A dm device can, in general, represent a tree of targets, each of which
handles a sub-range of the range of blocks handled by the parent.

The bio sequencing managed by generic_make_request() requires that bios
are generated and handled in a depth-first manner.  Each call to a
make_request_fn() may submit bios to a single member device, and may
submit bios for a reduced region of the same device as the
make_request_fn.

In particular, any bios submitted to member devices must be expected to
be processed in order, so a later one must never wait for an earlier
one.

This ordering is usually achieved by using bio_split() to reduce a bio
to a size that can be completely handled by one target, and resubmitting
the remainder to the originating device. bio_queue_split() shows the
canonical approach.

dm doesn't follow this approach, largely because it has needed to split
bios since long before bio_split() was available.  It currently can
submit bios to separate targets within the one dm_make_request() call.
Dependencies between these targets, as can happen with dm-snap, can
cause deadlocks if either bios gets stuck behind the other in the queues
managed by generic_make_request().  This requires the 'rescue'
functionality provided by dm_offload_{start,end}.

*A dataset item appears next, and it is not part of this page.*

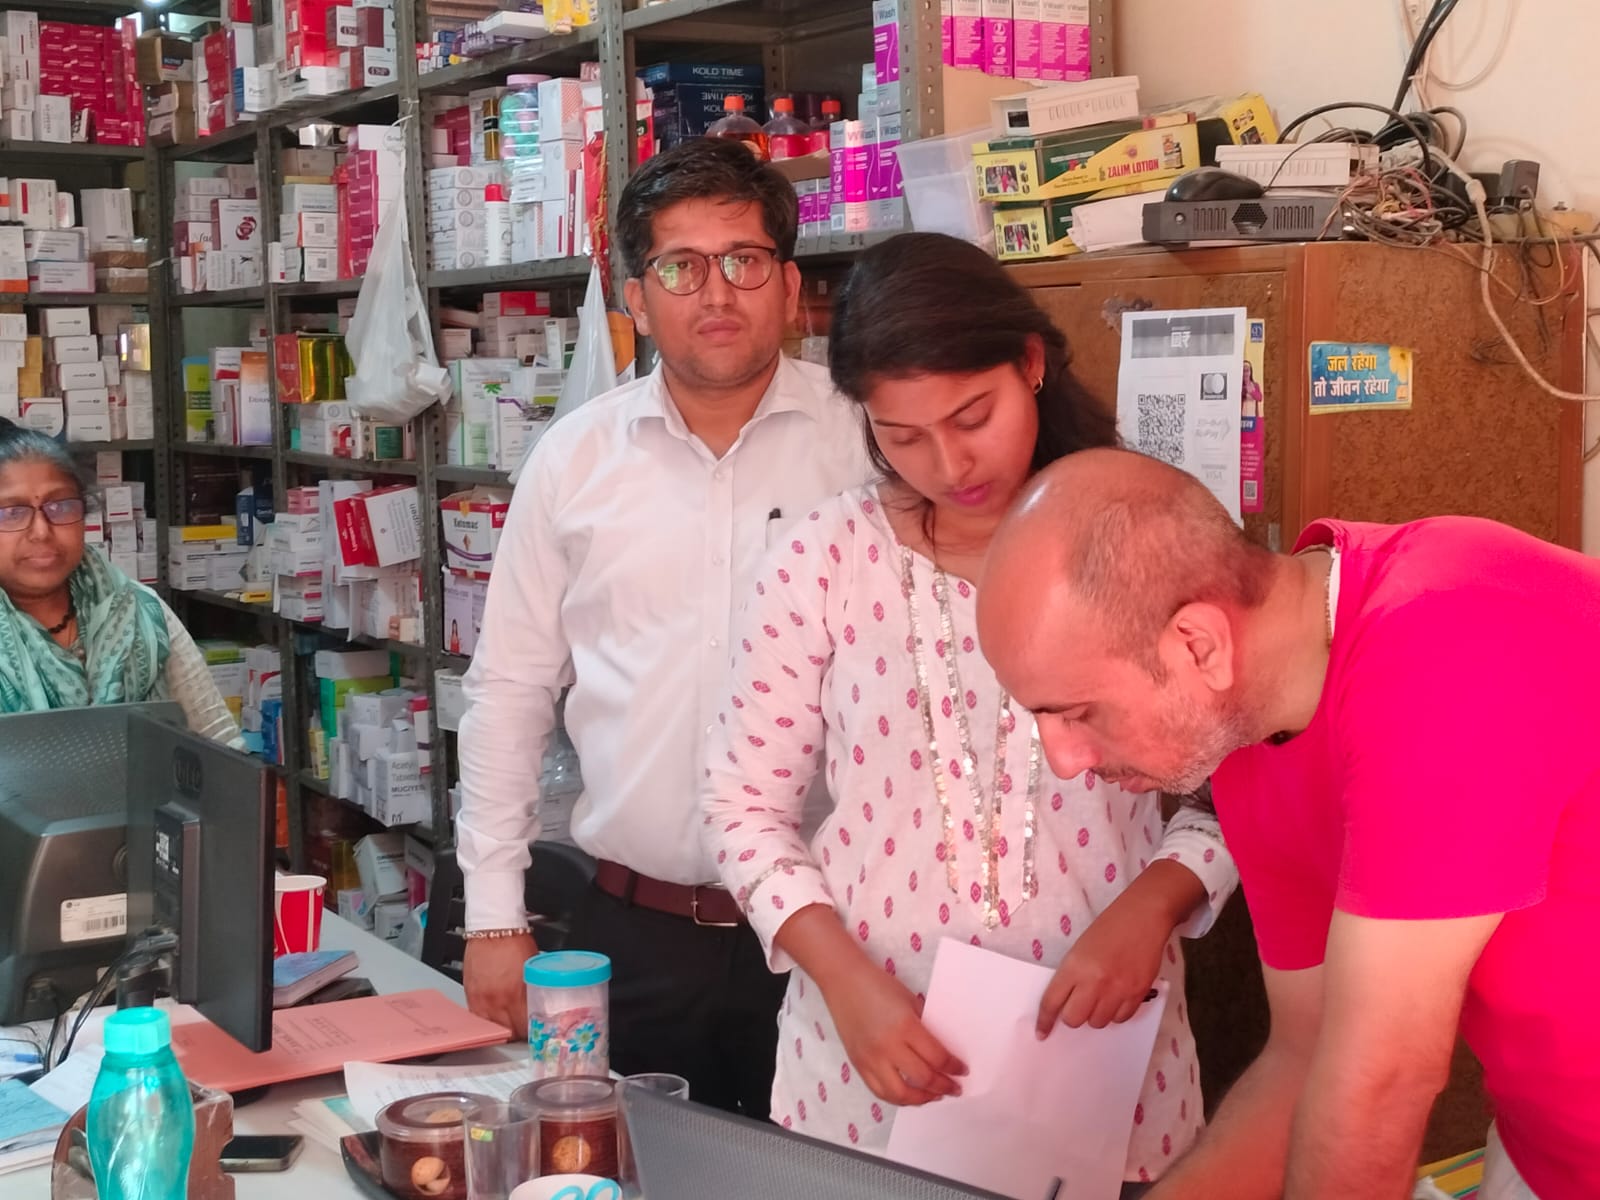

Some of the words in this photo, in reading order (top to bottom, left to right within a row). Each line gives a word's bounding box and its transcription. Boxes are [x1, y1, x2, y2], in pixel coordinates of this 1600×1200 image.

Some of this requirement can be removed by changing the order of bio
submission to follow the canonical approach.  That is, if dm finds that
it needs to split a bio, the remainder should be sent to
generic_make_request() rather than being handled immediately.  This
delays the handling until the first part is completely processed, so the
deadlock problems do not occur.

__split_and_process_bio() can be called both from dm_make_request() and
from dm_wq_work().  When called from dm_wq_work() the current approach
is perfectly satisfactory as each bio will be processed immediately.
When called from dm_make_request(), current->bio_list will be non-NULL,
and in this case it is best to create a separate "clone" bio for the
remainder.

When we use bio_clone_bioset() to split off the front part of a bio
and chain the two together and submit the remainder to
generic_make_request(), it is important that the newly allocated
bio is used as the head to be processed immediately, and the original
bio gets "bio_advance()"d and sent to generic_make_request() as the
remainder.  Otherwise, if the newly allocated bio is used as the
remainder, and if it then needs to be split again, then the next
bio_clone_bioset() call will be made while holding a reference a bio
(result of the first clone) from the same bioset.  This can potentially
exhaust the bioset mempool and result in a memory allocation deadlock.

Note that there is no race caused by reassigning cio.io->bio after already
calling __map_bio().  This bio will only be dereferenced again after
dec_pending() has found io->io_count to be zero, and this cannot happen
before the dec_pending() call at the end of __split_and_process_bio().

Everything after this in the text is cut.